* **WHAT IS EXPECTED**
Each entry that follows should be given again word for word; please leave out its pictures.

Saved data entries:

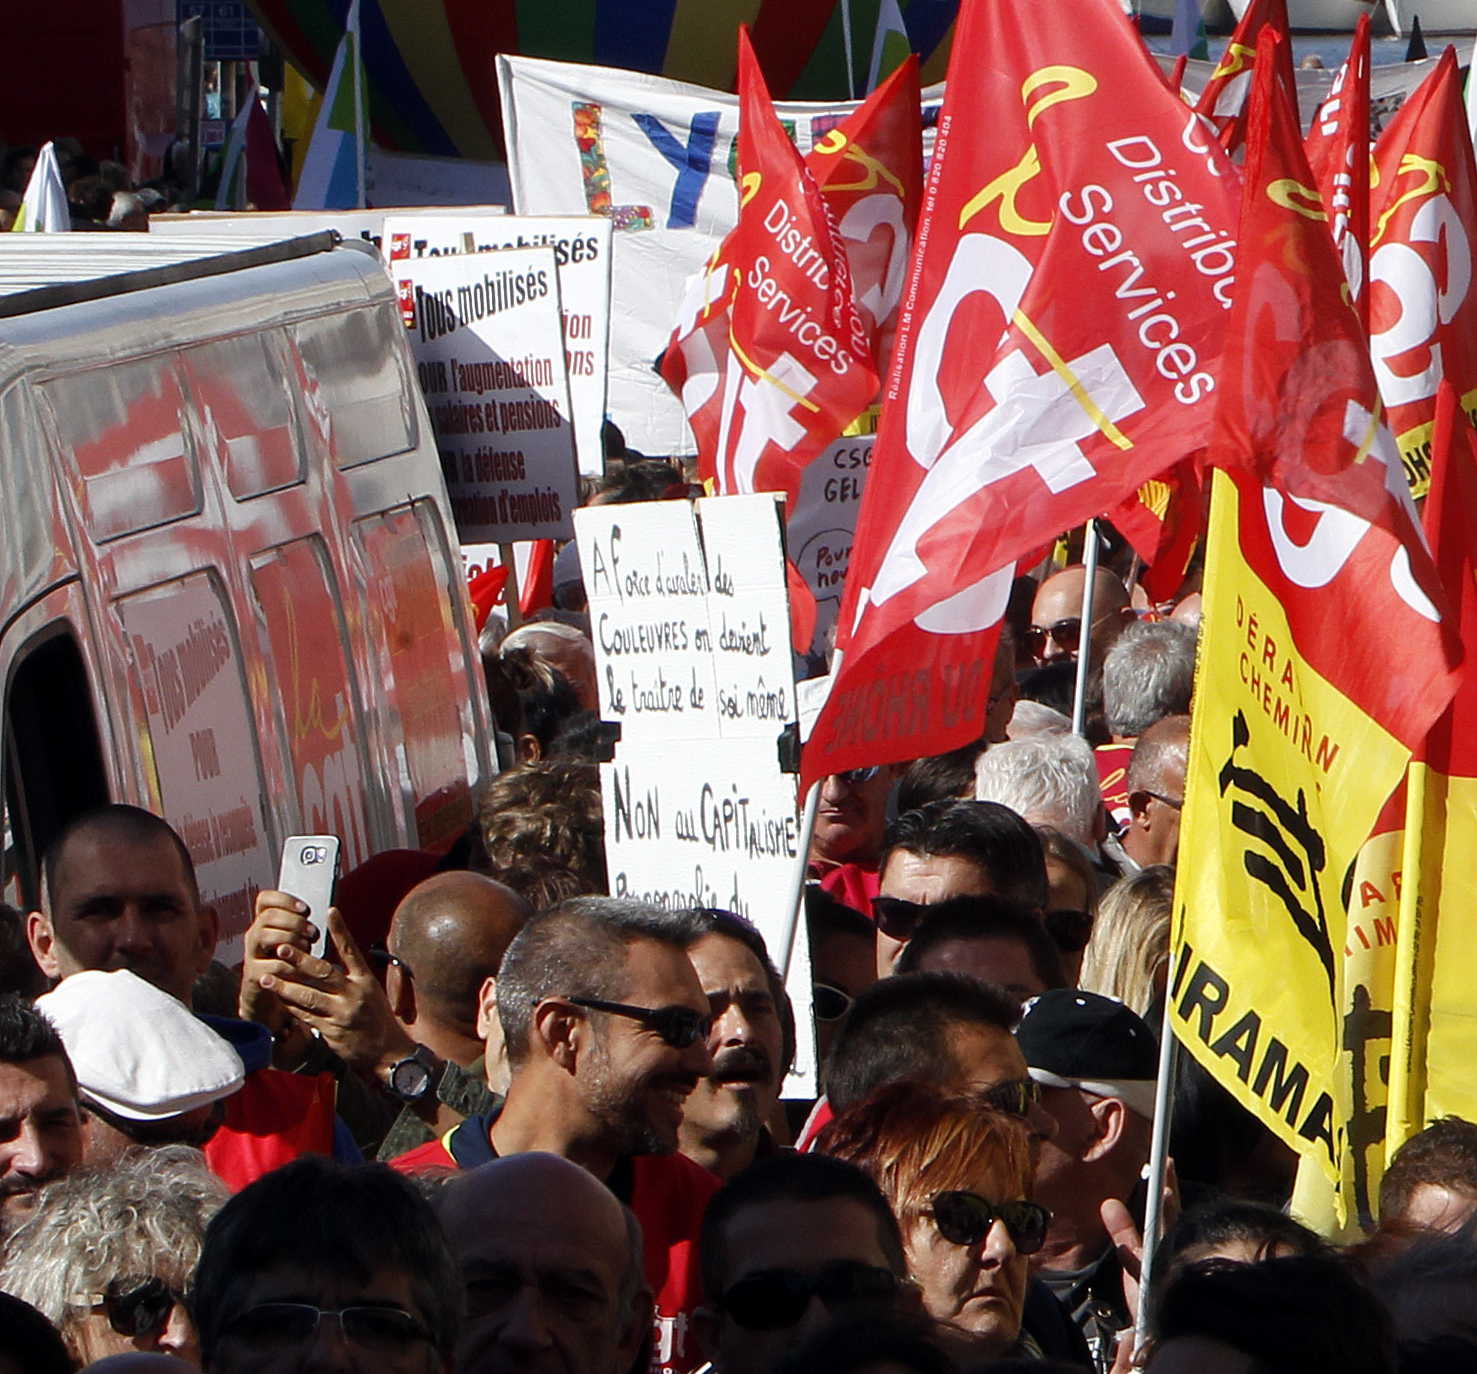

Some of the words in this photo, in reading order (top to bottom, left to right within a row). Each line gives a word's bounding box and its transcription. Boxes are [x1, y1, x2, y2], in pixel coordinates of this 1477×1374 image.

[414, 284, 456, 343] Tous
[458, 265, 549, 327] mobilisés
[747, 255, 853, 376] Services
[1058, 184, 1215, 404] Services
[451, 353, 554, 395] l'augmentation
[500, 398, 562, 436] pensions
[824, 478, 860, 503] GEL
[714, 554, 734, 598] des
[689, 667, 705, 709] de
[746, 676, 789, 721] même
[676, 804, 700, 844] au
[1171, 938, 1336, 1174] IRAMA
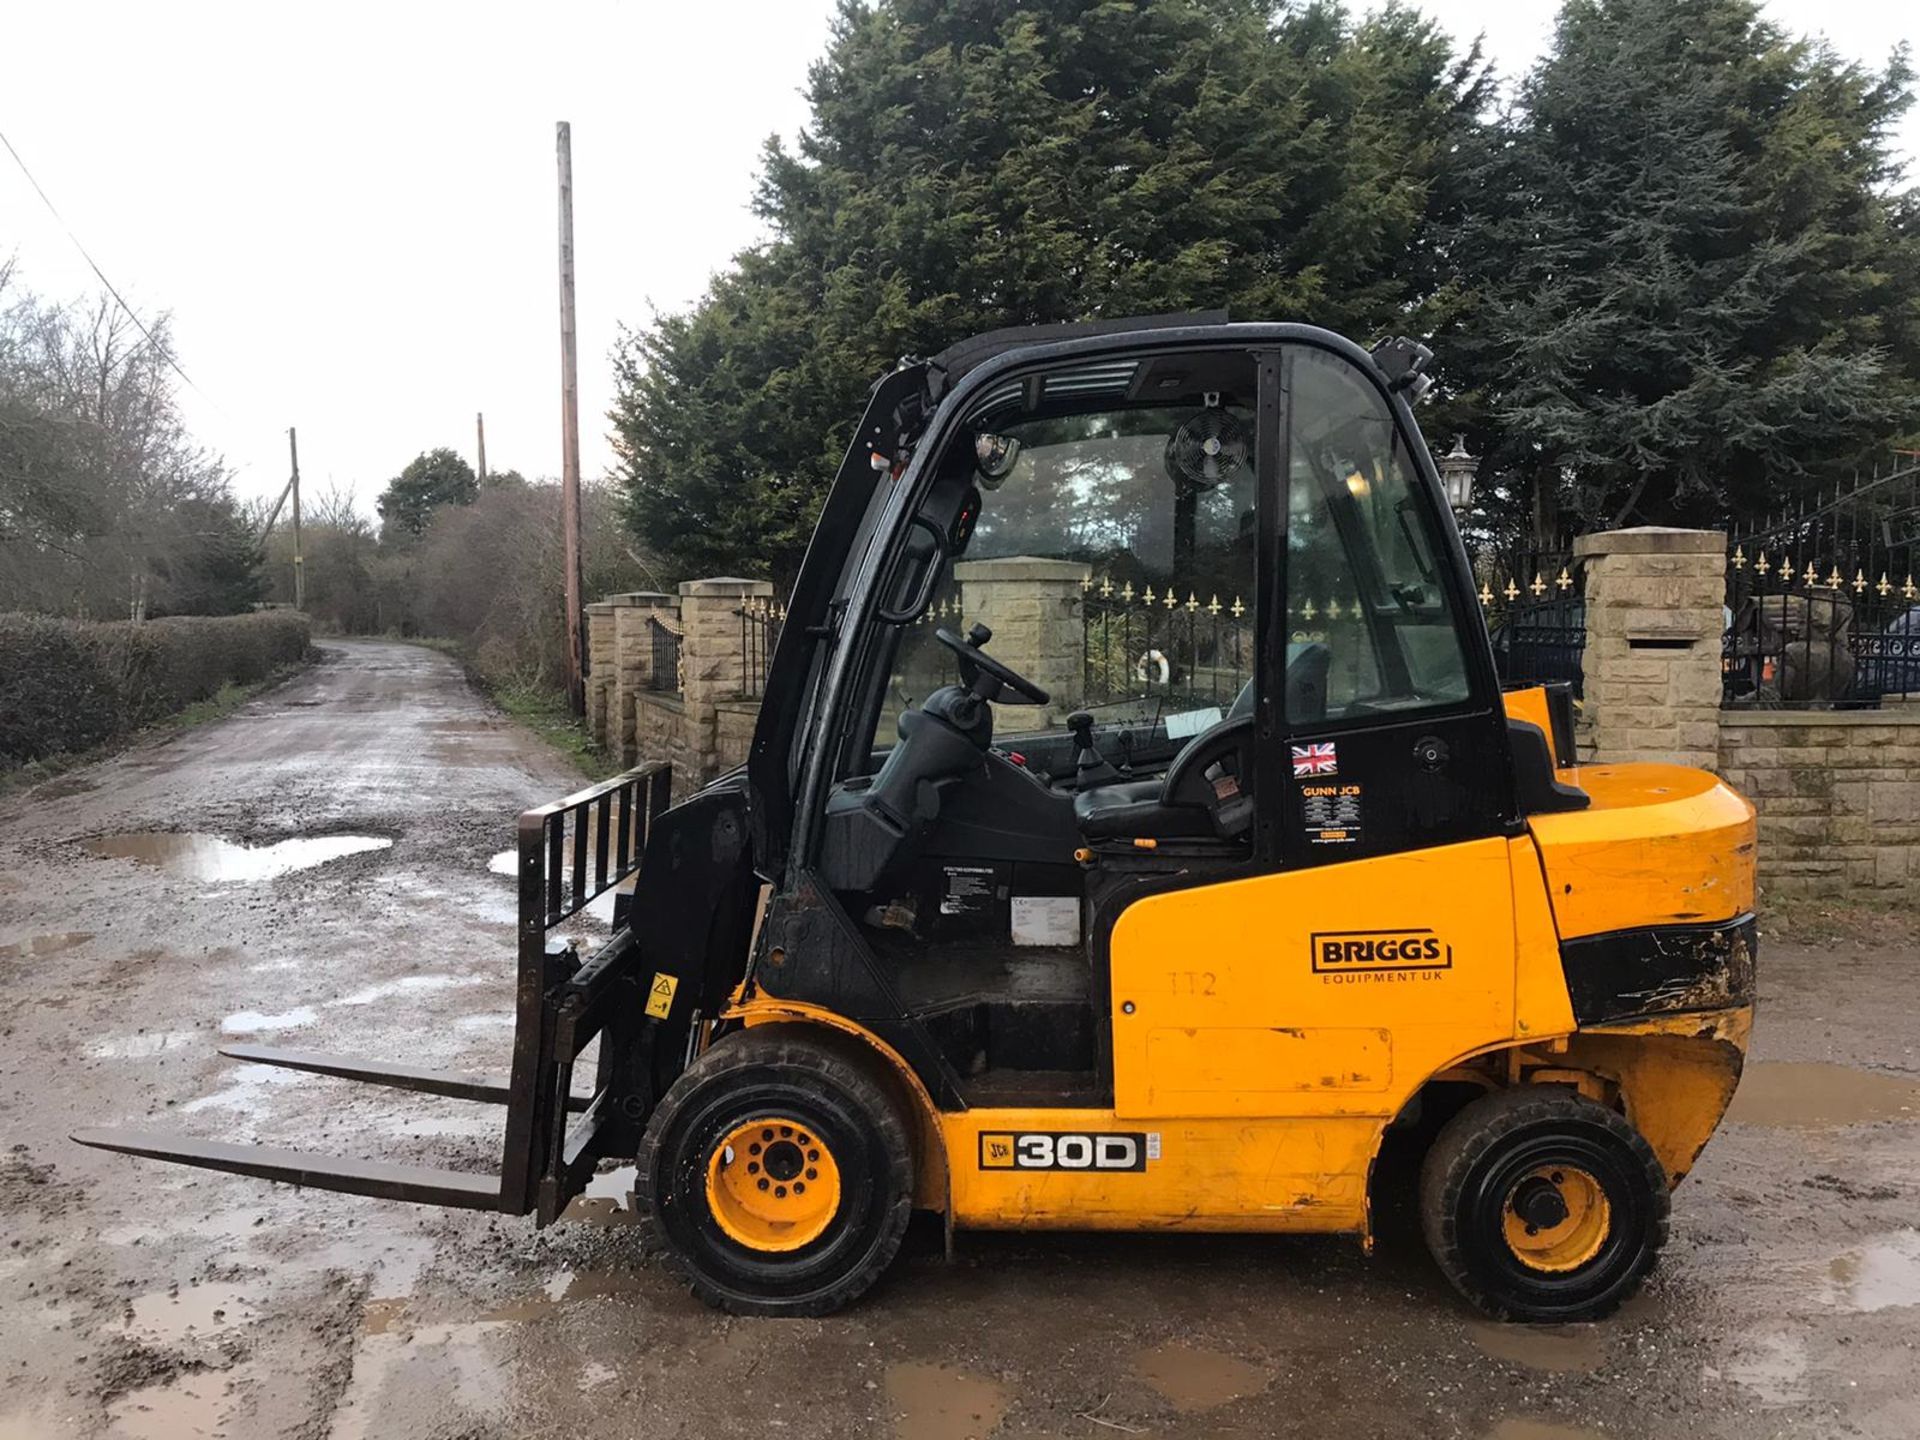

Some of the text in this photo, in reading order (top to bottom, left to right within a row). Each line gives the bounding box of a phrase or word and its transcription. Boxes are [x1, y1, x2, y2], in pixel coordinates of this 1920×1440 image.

* **SOLUTION FOR THIS TASK**
Some of the words in this photo, in reading order (top to bottom, left to right within a row). Each line gives a word's bounding box and its transcription. Boxes are [x1, y1, x2, y2], in pixel coordinates of this 1477×1374 image.

[414, 284, 456, 343] Tous
[458, 265, 549, 327] mobilisés
[747, 255, 853, 376] Services
[1058, 184, 1215, 404] Services
[451, 353, 554, 395] l'augmentation
[500, 398, 562, 436] pensions
[824, 478, 860, 503] GEL
[714, 554, 734, 598] des
[689, 667, 705, 709] de
[746, 676, 789, 721] même
[676, 804, 700, 844] au
[1171, 938, 1336, 1174] IRAMA

Some of the text in this photo, in reading order (top to bottom, left to right within a row). Each line gives the bounding box of a phrase or word and its transcription. Boxes are [x1, y1, x2, y2], in pixel coordinates of this 1920×1440 image.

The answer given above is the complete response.